Насколько 60-летняя история нейропсихофармакотерапии способна помочь фарминдустрии улучшить лечение болезней мозга

4r.jpg
Описанная эволюция фармакотерапии психических заболеваний охватывает 60-летний период, в течение которого клинический прогресс был достаточно значимым. Однако после первых 10 лет больше не происходило радикальной смены парадигм и не наблюдалось значительного роста эффективности лекарственных средств (ЛС), хотя здесь и нельзя отвергать важных достижений в области лекарственных и нелекарственных стратегий лечения. Кроме того, для пациентов возможность выбора между препаратами и лучшая переносимость терапии не являются незначительными достижениями. Однако ряд исследований заставляет сомневаться в том, что дальнейшие исследования смогут повысить эффективность лечения у резистентных пациентов и у тех, кто частично ответил на лечение, что, в конце концов, даст возможность замедлить или предотвратить начало и прогрессирование болезни. Для достижения последних целей нам нужно намного больше узнать о причинах и нейробиологических механизмах психических заболеваний, чем дают те знания, что мы приобрели за последние 60 лет.
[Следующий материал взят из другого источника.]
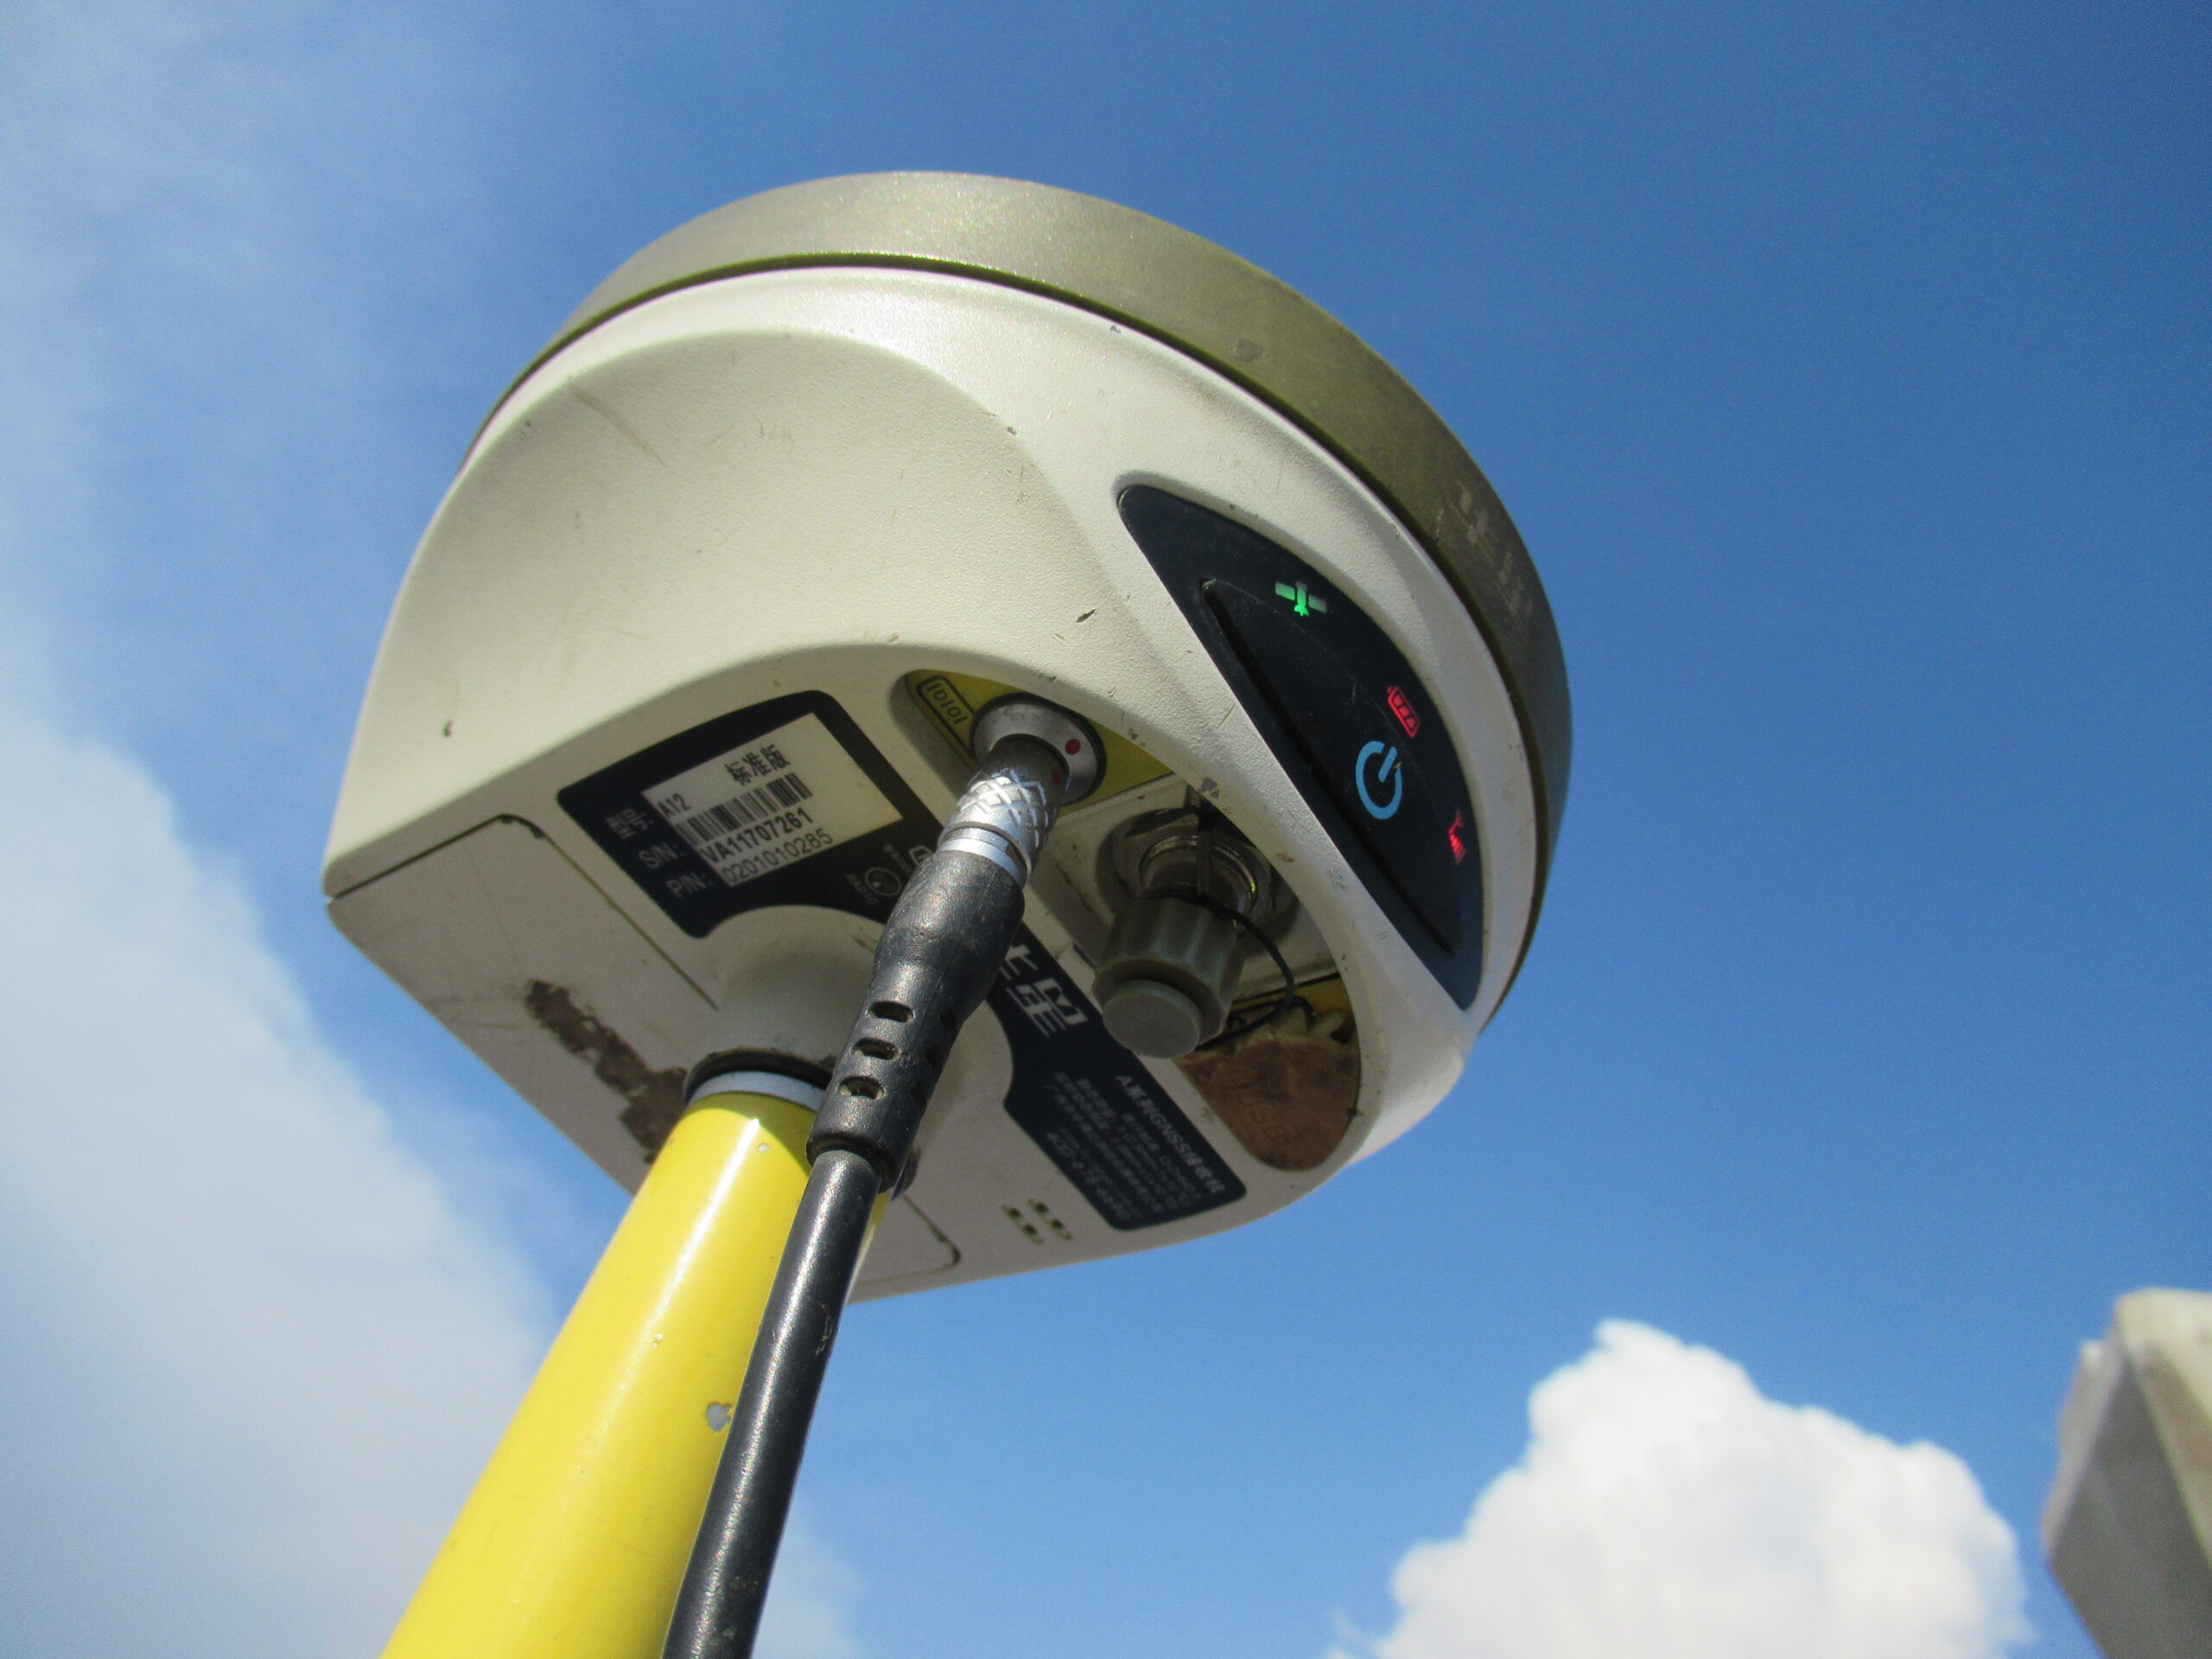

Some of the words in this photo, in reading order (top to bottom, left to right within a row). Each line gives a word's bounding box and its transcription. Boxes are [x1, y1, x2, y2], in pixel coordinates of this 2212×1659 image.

[724, 743, 791, 787] 标准版
[657, 792, 691, 819] A12
[699, 806, 814, 864] VA11707261
[721, 827, 834, 883] 0201010285
При разработке новых лекарственных препаратов крайне важно проведение надежных исследований об их эффективности в ходе клинических исследований новых терапевтических концепций и механизмов действия. Однако в тех случаях, когда внедрение конкретного препарата не увенчалось успехом, трудно понять, насколько это связано с неправильным выбором популяции пациентов, или подобранной дозой, или с другими причинами.
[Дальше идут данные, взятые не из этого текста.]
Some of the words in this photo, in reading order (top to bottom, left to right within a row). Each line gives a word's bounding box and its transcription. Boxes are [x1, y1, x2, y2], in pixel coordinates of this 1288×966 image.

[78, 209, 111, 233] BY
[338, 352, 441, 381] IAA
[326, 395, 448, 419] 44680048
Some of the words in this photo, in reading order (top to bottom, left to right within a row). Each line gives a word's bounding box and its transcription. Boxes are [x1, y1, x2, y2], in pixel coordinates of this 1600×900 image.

Одна из причин этой неопределенности – отсутствие специфических биомаркеров, таких как ПЭТ-лиганды определенных классов рецепторов и транспортеров. В настоящее время доступны лиганды для D2-, 5-HT1A-, нейрокинин-1-рецепторов и транспортеров моноаминов, в то время как все попытки разработать лиганды для 5-HT2C-, глутаматных 2 или кортитотропин-рилизинг-факторов-рецепторов не увенчались успехом.
Однако наибольшее разочарование вызывает тот факт, что многие убедительные результаты преклинических исследований не могут быть внедрены в клиническую практику. Например, несмотря на то что все антипсихотики обладают одинаковым аффинитетом к D2- и D3-рецепторам и множество работ говорят об их благоприятном профиле влияния на когнитивные способности, в настоящее время нет данных в отношении селективного антагонизма D3-рецепторов у больных шизофренией. Таким образом, прежде чем у нас появится целостная картина о нейропсихофармакологии психических расстройств, мы еще должны закрыть огромное число брешей, что является задачей на будущее.
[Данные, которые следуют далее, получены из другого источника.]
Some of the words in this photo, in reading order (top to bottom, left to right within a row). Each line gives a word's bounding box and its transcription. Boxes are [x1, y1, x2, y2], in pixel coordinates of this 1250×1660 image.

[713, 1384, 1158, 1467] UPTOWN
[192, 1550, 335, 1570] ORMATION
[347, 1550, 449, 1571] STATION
Основные идеи относительно фармакотерапевтических агентов и появления лекарств

4r-1.jpg
1. Не все препараты появились в результате прицельного поиска конкретных веществ, а финансовые затраты на данные исследования существенно снизились с 1990-х годов. Фактически многие препараты появились в результате так называемой сквозной парадигмы и оценки их действия в интегративных системах.
2. На другом полюсе фарминдустрии (пациенты) основные терапевтические преимущества препаратов вовсе необязательно базируются на фармакологических, механистических и клинических причинах, а в некоторых случаях механизм действия конкретного препарата остается неизвестным. В самом деле, в 1950-е годы ключевыми элементами в развитии ПС являлись интуиция и проницательность клиницистов и фармакологов, как было показано ранее. Более того, интуиция, по-видимому, остается большим другом психиатрии и помогает открывать истинные точки приложения новых агентов и новые показания к применению для любого специфического лечения, также как и новые показания к лечению.
3. В большинстве случаев у нас нет четких знаний о том, как точно работают препараты, что отражает неопределенность относительно патофизиологических причин психических расстройств.
4. Все препараты работают в какой-то конкретный период времени. Чтобы лучше понять фармакологические и фармакокинетические свойства, механизм клинического действия и терапевтическую пользу препаратов, крайне желательно изучать их в эксперименте и на практике в течение всей жизни. Невозможно запрограммировать и все предсказать, просто сказав: «Работай!».
5. Во многом вследствие улучшения наших знаний у препаратов могут появиться новые клинические показания к применению. В качестве примеров можно назвать использование бупропиона для уменьшения тяги к курению, СИОЗС – для лечения тревожных расстройств или антипсихотиков II поколения – для биполярного расстройства.
6. Нет полностью селективных лекарств, но некоторые из них менее селективны, чем другие, и это не так уж плохо. Однако было бы крайне важно знать желательные и опасные свойства препаратов, поэтому так важно разрабатывать лечение, направленное сразу на многие цели (мультитаргетированное) сложных расстройств.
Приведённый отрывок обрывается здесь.